Les épanchements pleuraux sont fréquemment rencontrés dans les services d’urgences. Souvent découverts fortuitement, révélant une affection chronique (insuffisance cardiaque, pathologie néoplasique, maladie de système...), ils peuvent parfois être bruyants et nécessiter, dès les urgences, une enquête étiologique spécifique ou leur évacuation. Ainsi, l’urgentiste devra-t-il être en mesure d’en évaluer la tolérance et d’initier les principales investigations étiologiques. Dans cette prise en charge, la ponction pleurale, réalisée sous échographie le cas échéant, est primordiale en permettant le plus souvent de distinguer les épanchements exsudatifs (infection à pyogènes, néoplasie, tuberculose...) et transsudatifs (anasarque, épanchement réactionnel à une pathologie de contact [embolie pulmonaire, pneumopathie...]). C’est un geste maîtrisé par l’urgentiste qui en connaîtra aussi les limites et les complications. Ainsi, au terme de cette démarche, l’urgentiste sera-t-il en mesure d’orienter au plus juste la prise en charge ultérieure du patient et d’initier les traitements urgents. Il saura aussi différer des explorations spécifiques non urgentes, dont la réalisation n’est pas compatible avec le contexte des urgences.

Abstract

Pleural effusion is a common syndrome in patients visiting the emergency department. Most of the time, pleural effusion-related conditions are poorly symptomatic and often reveal an underlying chronic comorbid condition (chronic heart failure, cancer, systemic inflammatory diseases...). However pleural effusion symptoms might be flourished and require immediate therapeutic intervention, such as pleural fluid evacuation or diagnosis workup. Therefore, emergency physicians should be able to detect life-threatening conditions within the very first minutes of patient presentation and to adequatly order urgent laboratory examinations.
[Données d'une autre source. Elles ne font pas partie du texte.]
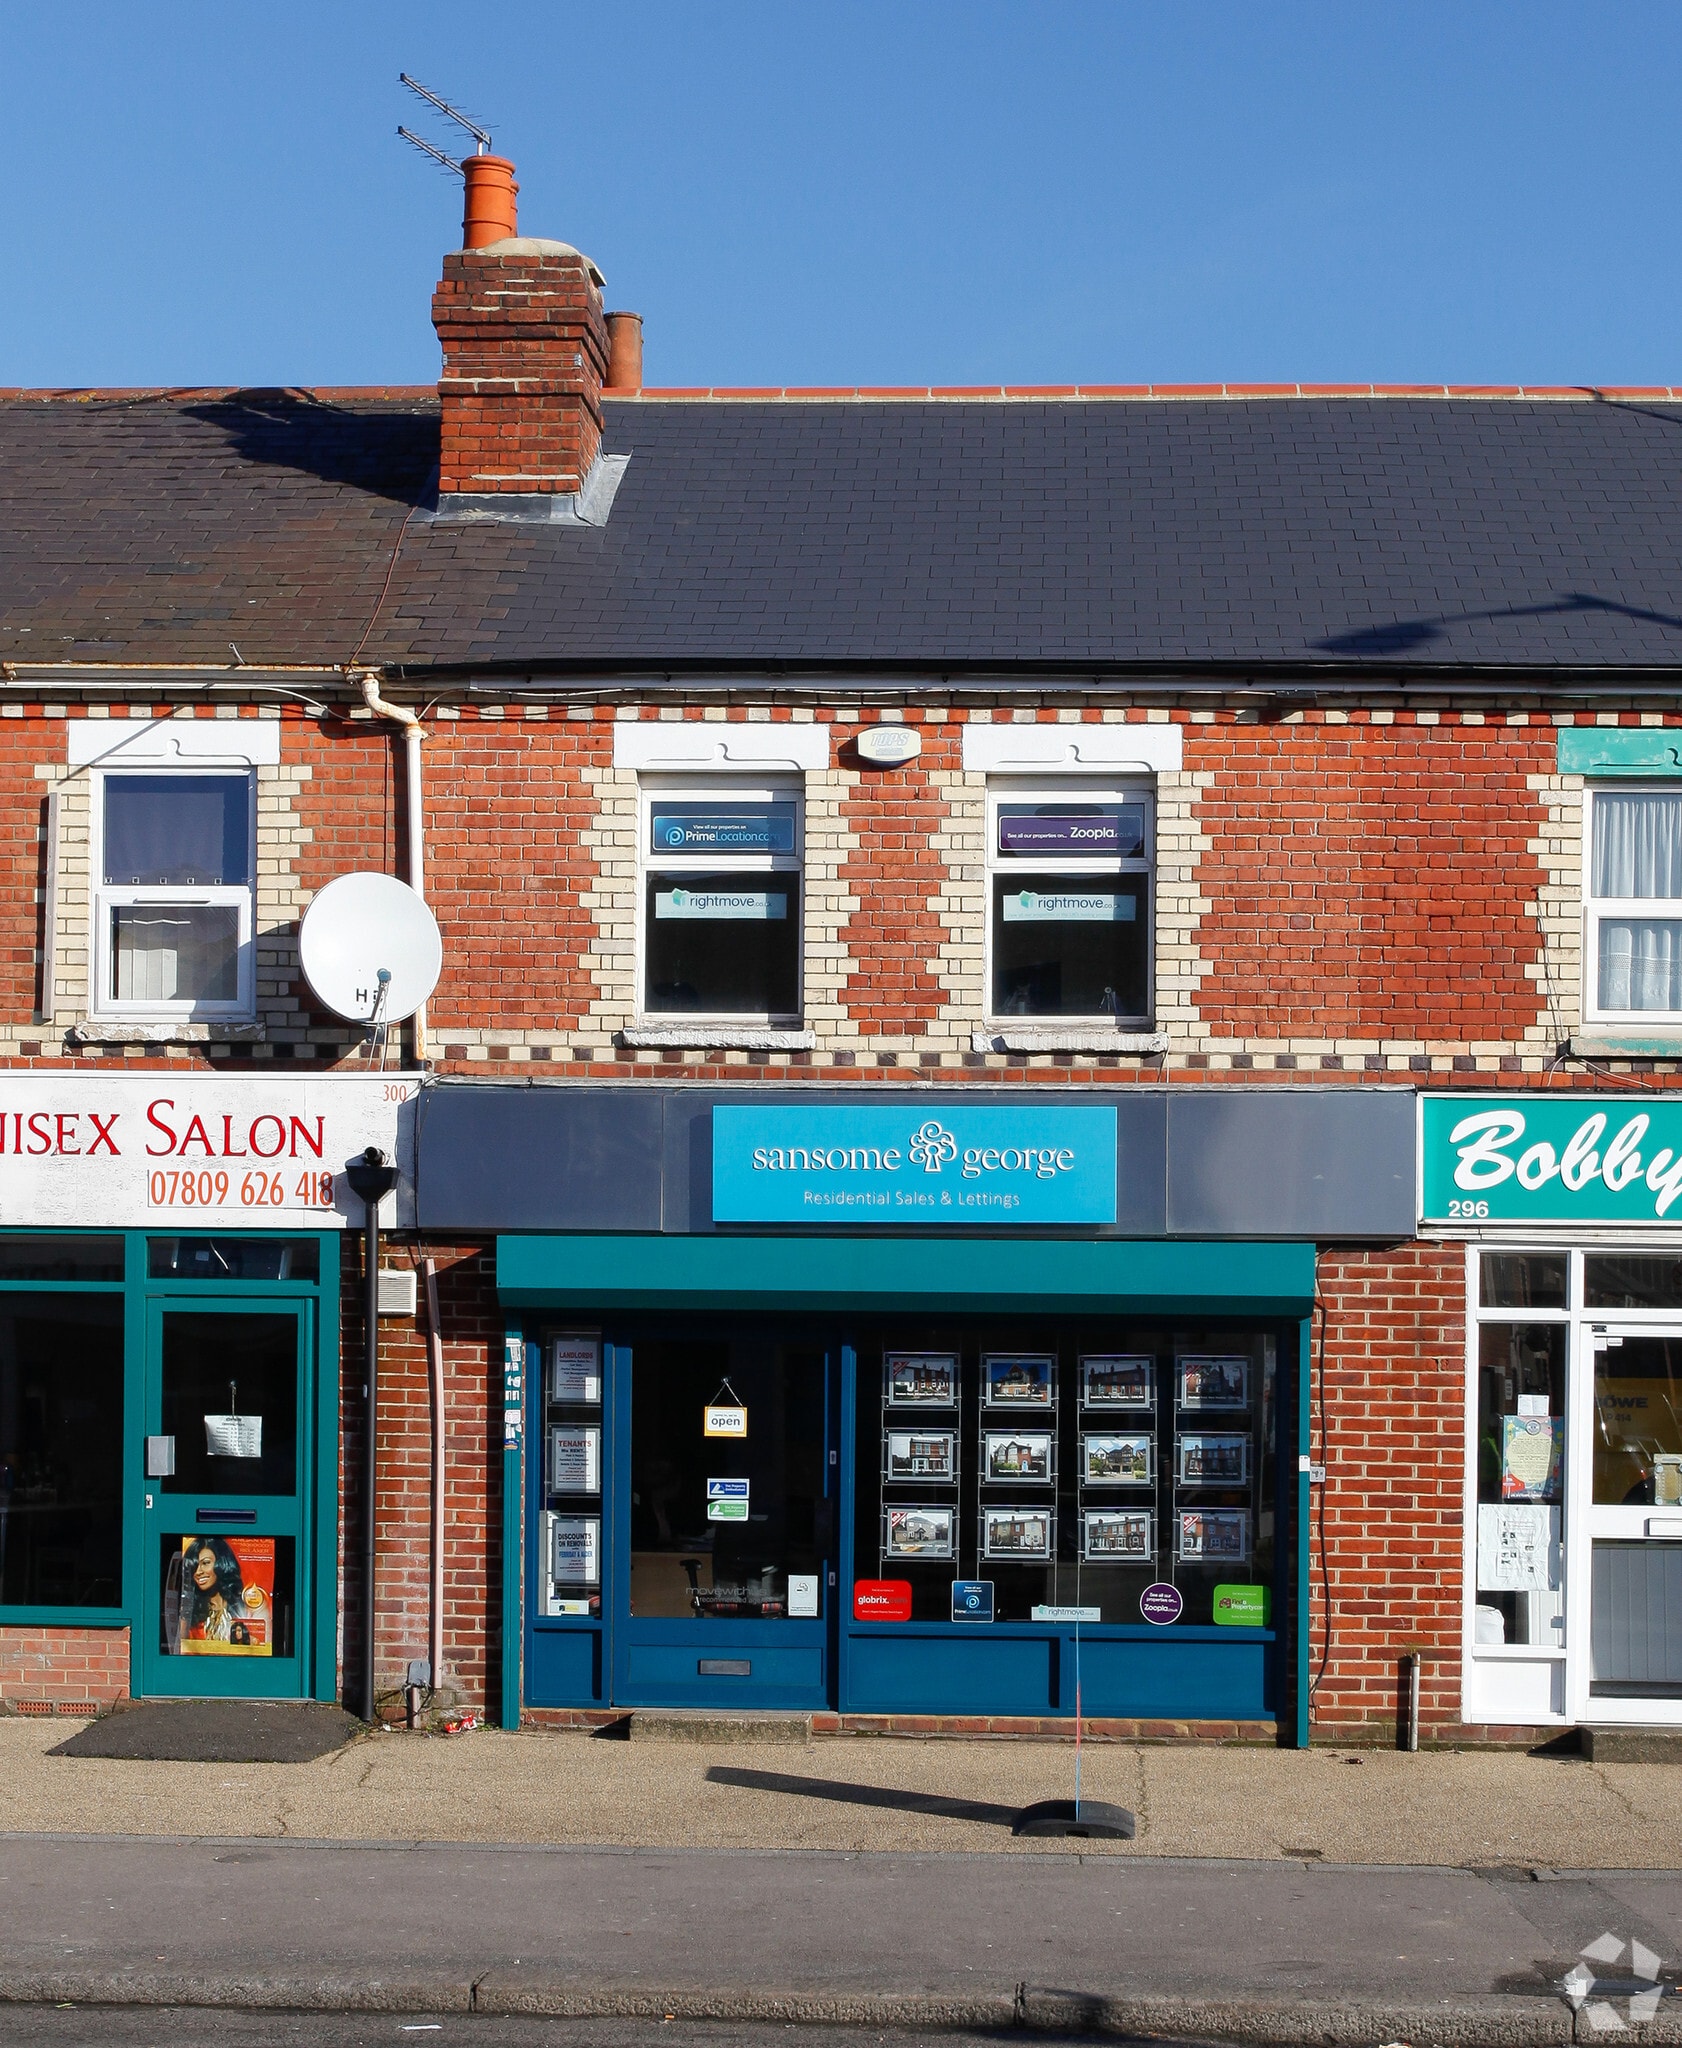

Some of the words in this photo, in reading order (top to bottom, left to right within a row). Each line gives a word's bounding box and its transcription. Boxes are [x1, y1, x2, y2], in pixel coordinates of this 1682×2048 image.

[383, 1084, 407, 1103] 300
[752, 1148, 901, 1171] sansome
[961, 1148, 1075, 1180] george
[150, 1170, 229, 1206] 07809
[241, 1171, 284, 1206] 626
[296, 1171, 334, 1207] 418
[804, 1190, 890, 1206] Residential
[895, 1190, 935, 1206] Sales
[940, 1190, 952, 1206] &
[958, 1190, 1020, 1209] Lettings
[1448, 1200, 1489, 1218] 296
[559, 1351, 593, 1359] LANDLORDS
[711, 1417, 741, 1428] open
[558, 1440, 592, 1448] TENANTS
[558, 1532, 592, 1540] DISCOUNTS
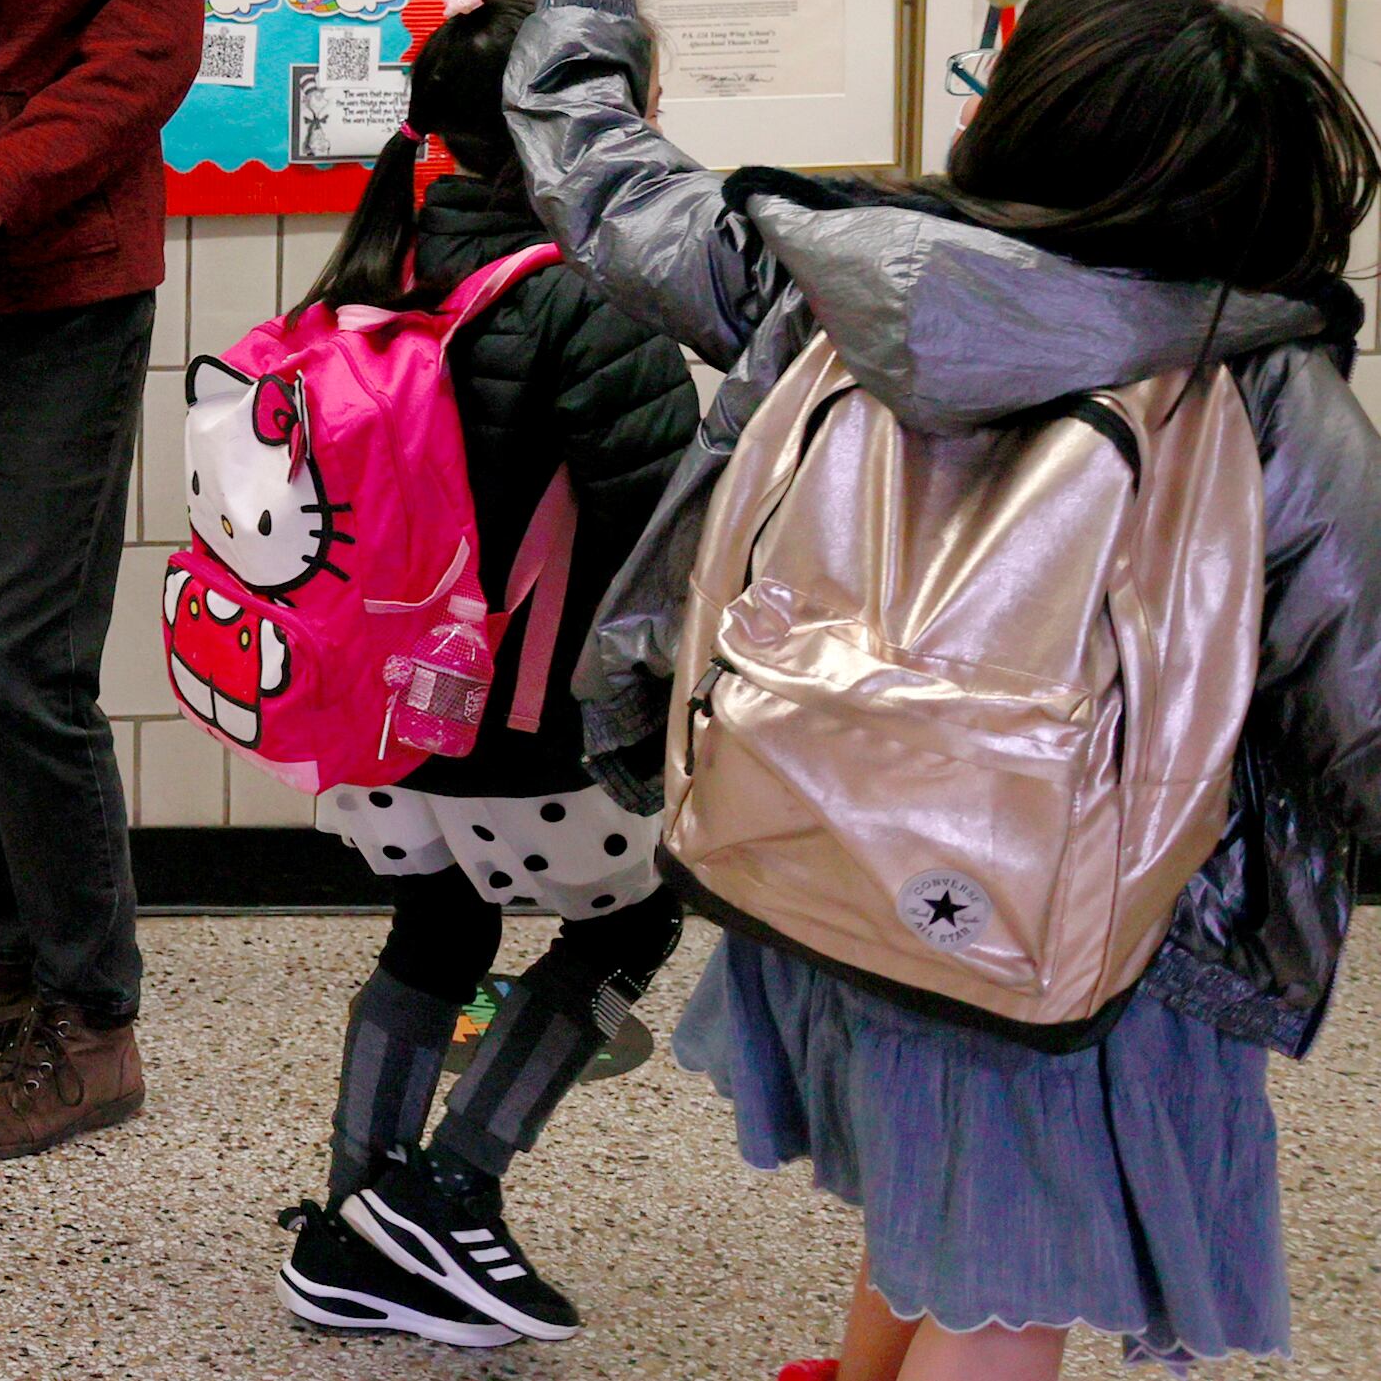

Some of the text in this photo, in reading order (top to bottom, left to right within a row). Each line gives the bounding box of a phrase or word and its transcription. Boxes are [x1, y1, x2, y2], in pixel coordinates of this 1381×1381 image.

[913, 879, 979, 903] CONVERSE
[913, 922, 972, 943] ALL STAR
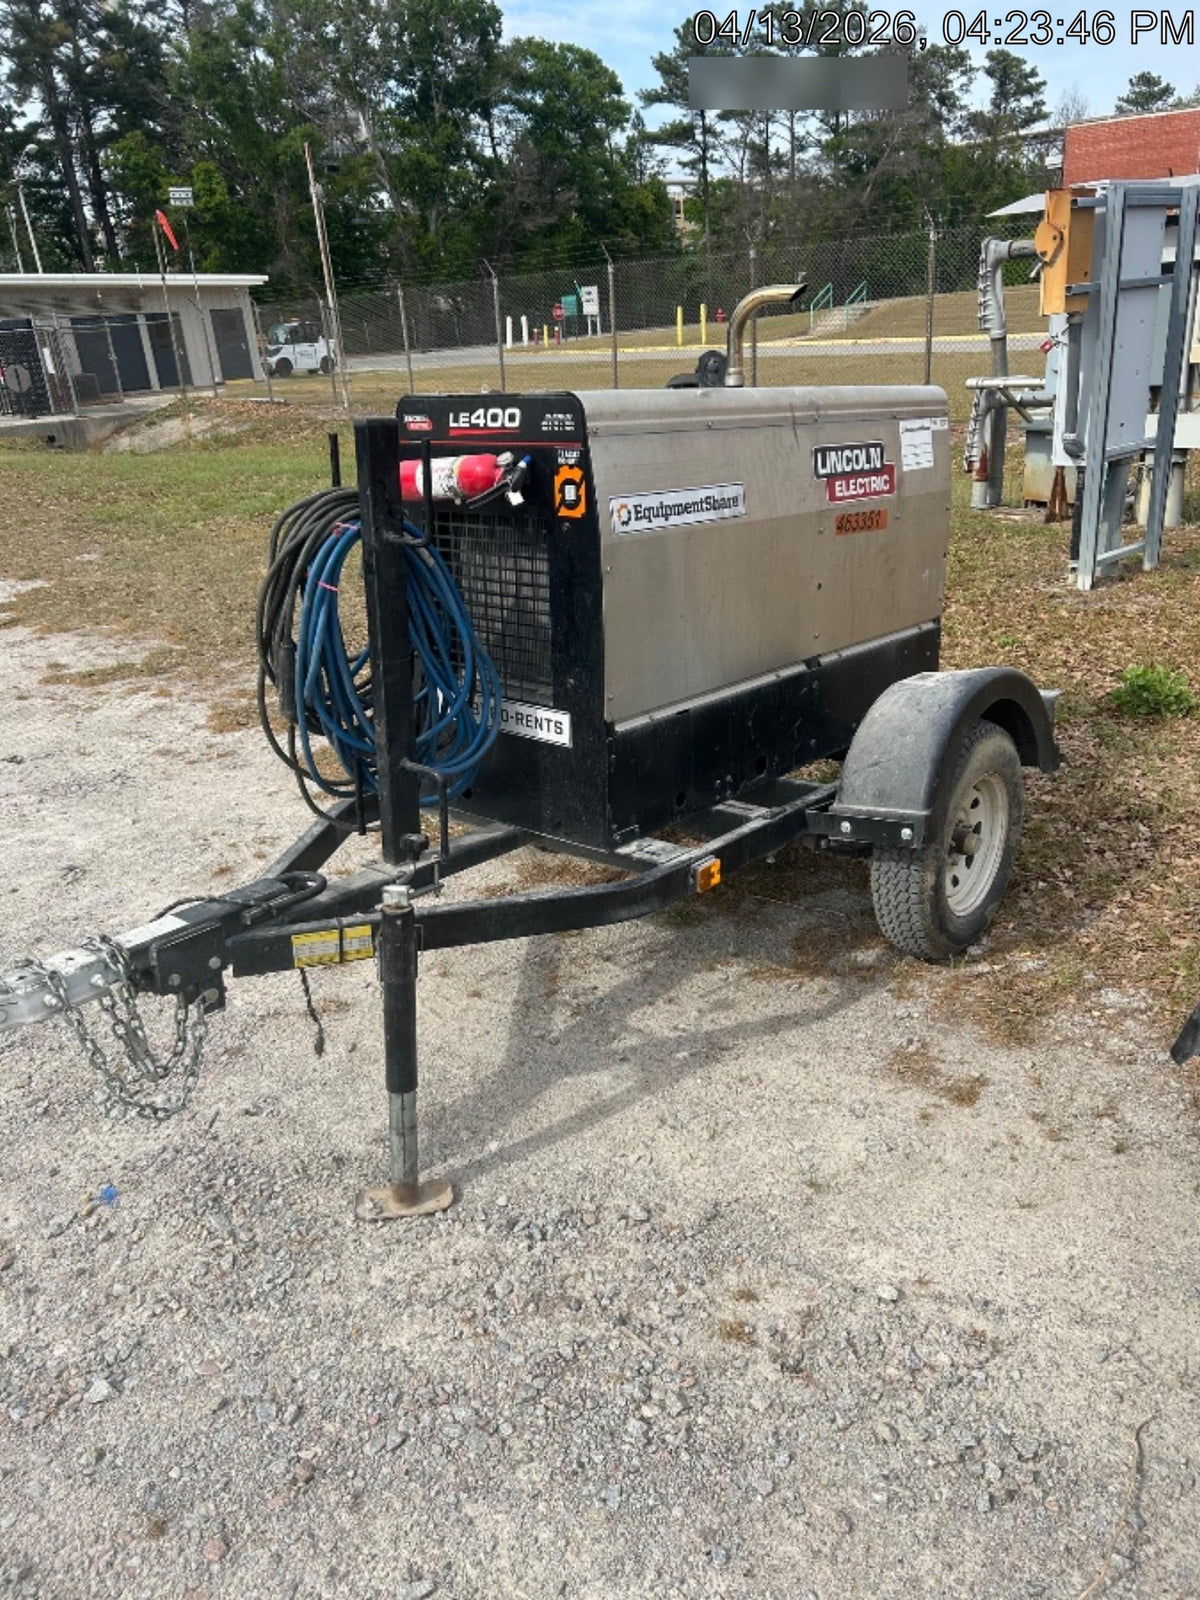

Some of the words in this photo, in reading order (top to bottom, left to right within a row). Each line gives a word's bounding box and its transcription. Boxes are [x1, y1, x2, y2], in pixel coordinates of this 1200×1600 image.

[449, 407, 521, 428] LE400
[817, 447, 881, 475] LINCOLN
[834, 474, 890, 497] ELECTRIC
[632, 495, 739, 523] EquipmentShare
From this perspective, sampling of pleural fluid, eventually guided by ultrasound tomography, is often valuable in differentiating exsudative (e.g. pyogenic pleural infection, cancer, tuberculosis) and transudative effusions (e.g. anasarca, pulmonary embolism or pneumonia-related pleural effusion). Therefore, emergency physician technical should master pleural fluid puncture and drainage skills, along with their limitations and potential adverse events. At the end of the initial evaluation process, the emergency physician should be able to determine whether the patient is to be treated as an outpatient or an inpatient, and adequately determine the adequate intensity of care. Additionally, emergency physician should avoid non urgent laboratory investigation that would inappropriately delay management decision.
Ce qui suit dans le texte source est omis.